Mr Bajwa met with Mr Braich on 6 April 2022 prior to Mr Braich attending the meeting with the defendants later that evening. Mr Braich told Mr Bajwa that if he was interested in purchasing the property he needed to give Mr Braich an offer in writing which he could present to the defendants.[6] Mr Braich told Mr Bajwa that the defendants were seeking $17 million to $17.5 million.[7] During the meeting Mr Braich prepared a Heads of Agreement, based on Mr Bajwa’s instructions.[8]
[6]T 75 L 16–21.
[7]T 75 L 11–12.
[8]T 75 L 30 – T 76 L 2.
The Heads of Agreement, signed by Mr Bajwa and dated 6 April 2022 is set out below:
HEADS OF AGREEMENT
Property: 387 GREIGS ROAD TRUGANINA 3029
Area : 28.6 Acres approx.
Purchaser: Bajwa Group Pty Ltd ACN 601 030 611 and/or nominee
Vendor: BHAVNA SHARMA, RAMNNISH SHARMA, KRISHAN GOPAL AGGARWAL & RITA AGGARWAL
Purchase Price: $17,100,000.00
Deposit: $1,710,000.00 will be payable on expiry of due diligence out of which $10,000.00 will be paid on signing the heads of agreement.
Further deposit: $1,710,000.00 will be payable at 12 months from signing the contract of sale.
Settlement and Balance: Settlement will be at 40 months and balance will be paid at the settlement.
Other conditions:
·The Purchaser and the Purchaser's authorized representatives are granted the right to enter the property and thereon to take measurements and conduct tests for any purpose related to the Purchaser's proposed development of the Property.

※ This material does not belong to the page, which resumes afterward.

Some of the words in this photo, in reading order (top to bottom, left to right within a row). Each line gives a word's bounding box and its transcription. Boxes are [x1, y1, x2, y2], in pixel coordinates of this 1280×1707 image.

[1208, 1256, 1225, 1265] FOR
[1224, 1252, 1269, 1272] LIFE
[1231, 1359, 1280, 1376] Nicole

These rights are exercisable at any time and from time to time after the Day of sale, notifying the vendor 48 hours prior to any entry.
·Purchaser may provide another entity to enter the contract of sale.

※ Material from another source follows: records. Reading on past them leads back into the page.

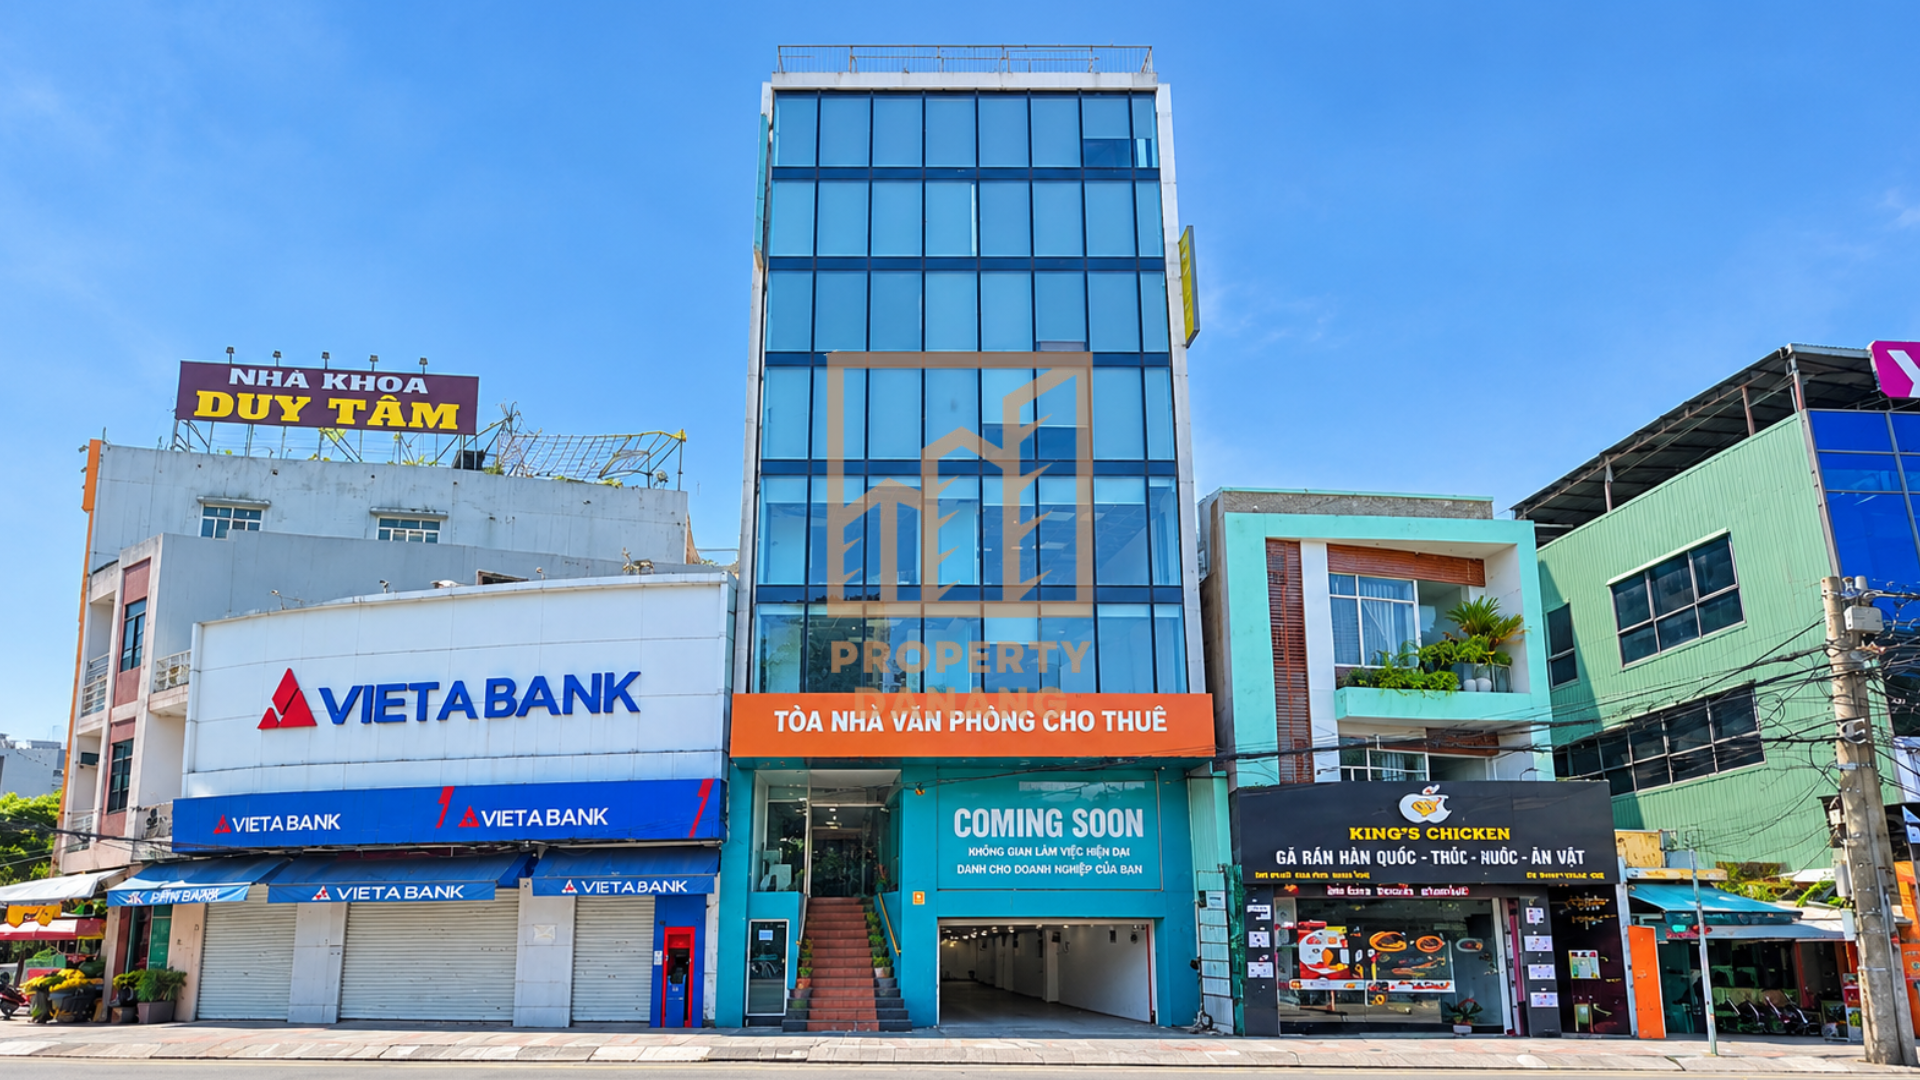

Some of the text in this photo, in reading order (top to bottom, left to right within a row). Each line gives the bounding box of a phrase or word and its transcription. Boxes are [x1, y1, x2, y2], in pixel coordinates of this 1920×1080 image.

[228, 368, 428, 394] NHÀ KHOA
[193, 390, 460, 430] DUY TÂM
[774, 704, 1168, 732] TÒA NHÀ VĂN PHÒNG CHO THUÊ
[954, 808, 1144, 838] COMING SOON
[1426, 827, 1511, 841] CHICKEN
[1302, 847, 1334, 865] RÁN
[1339, 847, 1371, 865] HÀN
[957, 864, 987, 875] DANH
[989, 864, 1011, 875] CHO
[1014, 864, 1051, 875] DOANH

·This sale is subject to 10 business days due diligence from signing the contract of sale.
·Vendor will provide the contract of sale and vendor's statement (for the Vendor's acquisition of the property) to the Purchaser's lawyer as soon as possible after signing this head of agreement. This head of agreement is binding for both the parties for the set terms in this agreement.
·This sale is subject to stratification of Vendor statement and contract of sale.
·This heads of agreement is legally binding. On acceptance of this heads of agreement both parties agreed to enter a formal contract/deed of nomination in accordance with the terms of this heads of agreement.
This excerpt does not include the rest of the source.